Sample Image - ExceptionHandling.gif


In Visal Basic 6, there was no way to globally handle all of the errors in your application. You could simulate one by wrapping every sub or function in an On Error statement, but that was rather painful.

One of the great features of .NET is the very powerful thread and application level exception handling mechanisms that make developing a global error handler practical. One of the first things I set out to do when starting with .NET was finally implement all those great global error handling ideas I had considered, but had to abandon in the last 5 years of working with VB5 and VB6. I found an excellent article on Code Project documenting the basic techniques of unhandled exception handling in .NET, so armed with that, I set out to implement my "dream" error handling system.

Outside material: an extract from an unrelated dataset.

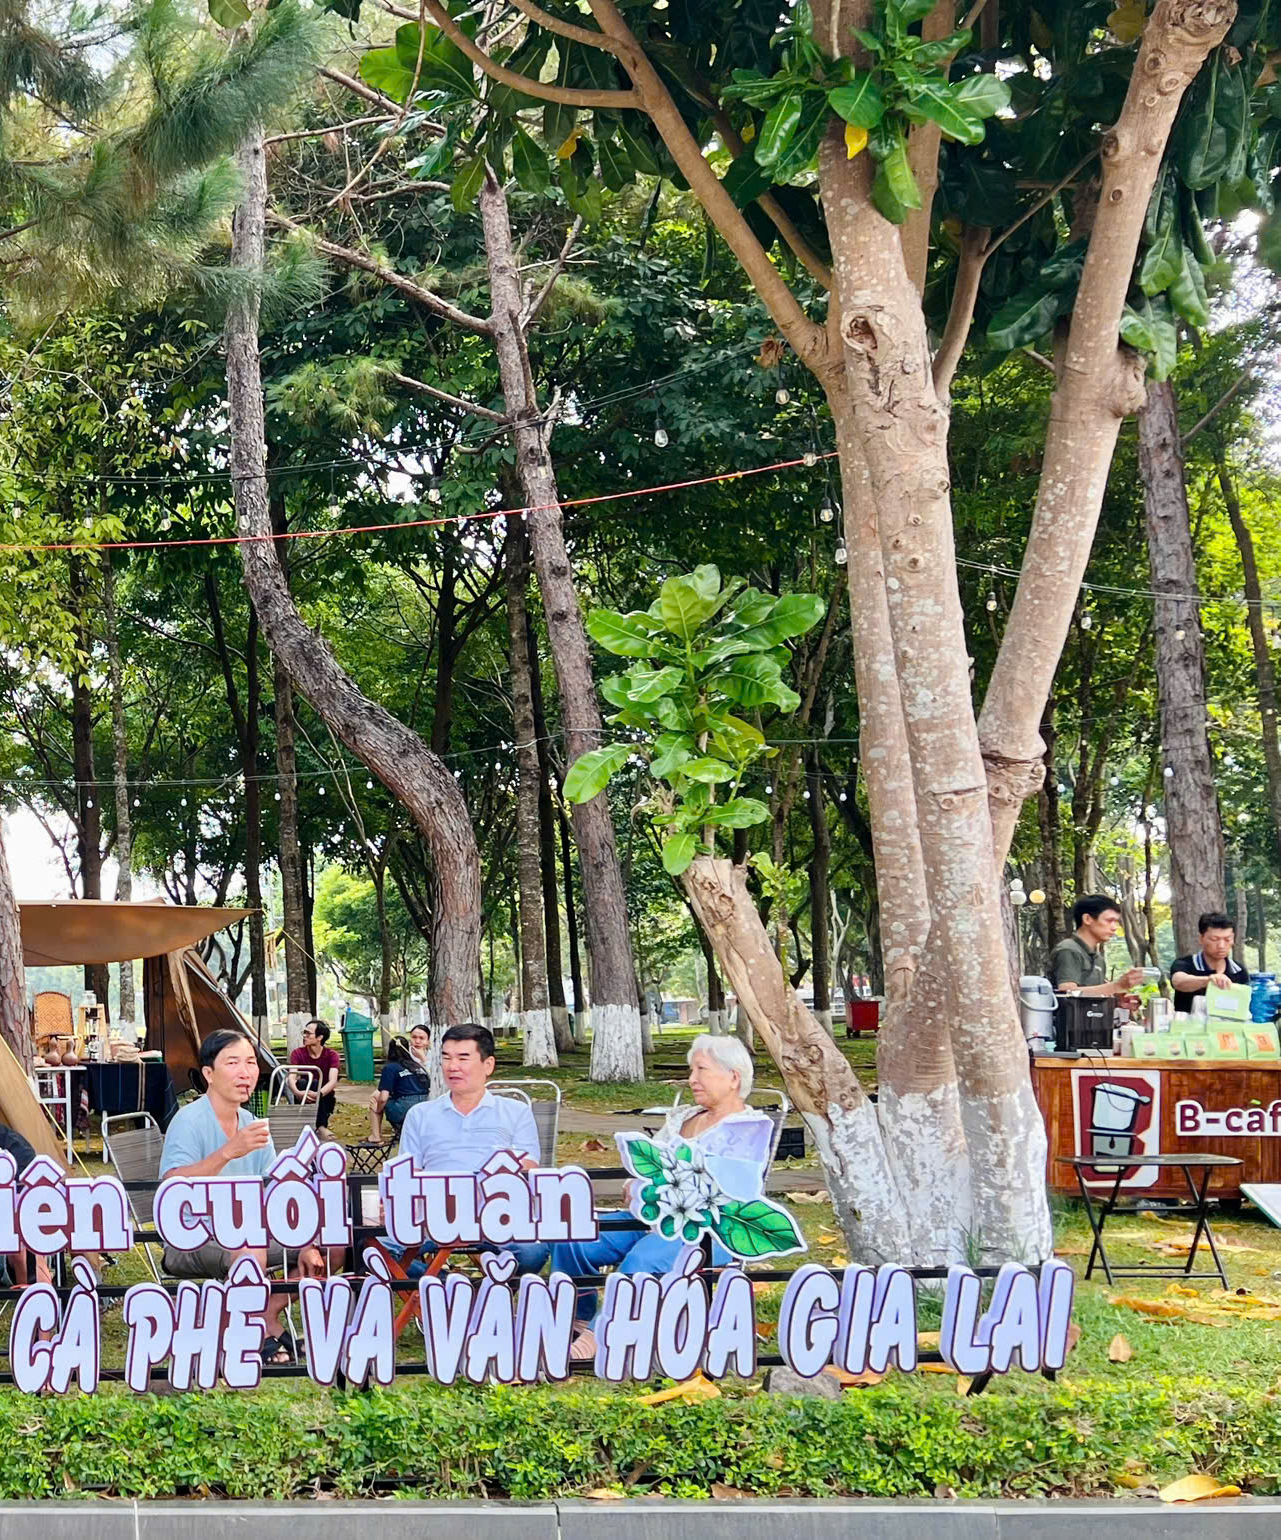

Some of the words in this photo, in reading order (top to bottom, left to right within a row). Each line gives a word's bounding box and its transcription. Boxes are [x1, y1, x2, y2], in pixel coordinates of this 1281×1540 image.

At the time of the unhandled exception, my UnhandledExceptionHandler class will:

  • Display a user-friendly message
  • Capture a screenshot of the user's desktop
  • Build a string containing all the diagnostic information possible
  • Notify the developers via SMTP e-mail, and include the screenshot
  • Write an event to the event log
  • Write a text log in the application folder

About Unhandled Exceptions

The great thing about a good global exception handler is that it makes the rest of your code easier to read. Rather than cluttering up your code with Try..Catch blocks for every possible error condition, no matter how rare, you can simply rely on the solid, built-in global handler to deal with those oddball scenarios-- and to notify you when they happen!

So then the natural question that most developers ask is, "When should I catch exceptions"? And it's a very good question. Here are some guidelines that I have found useful.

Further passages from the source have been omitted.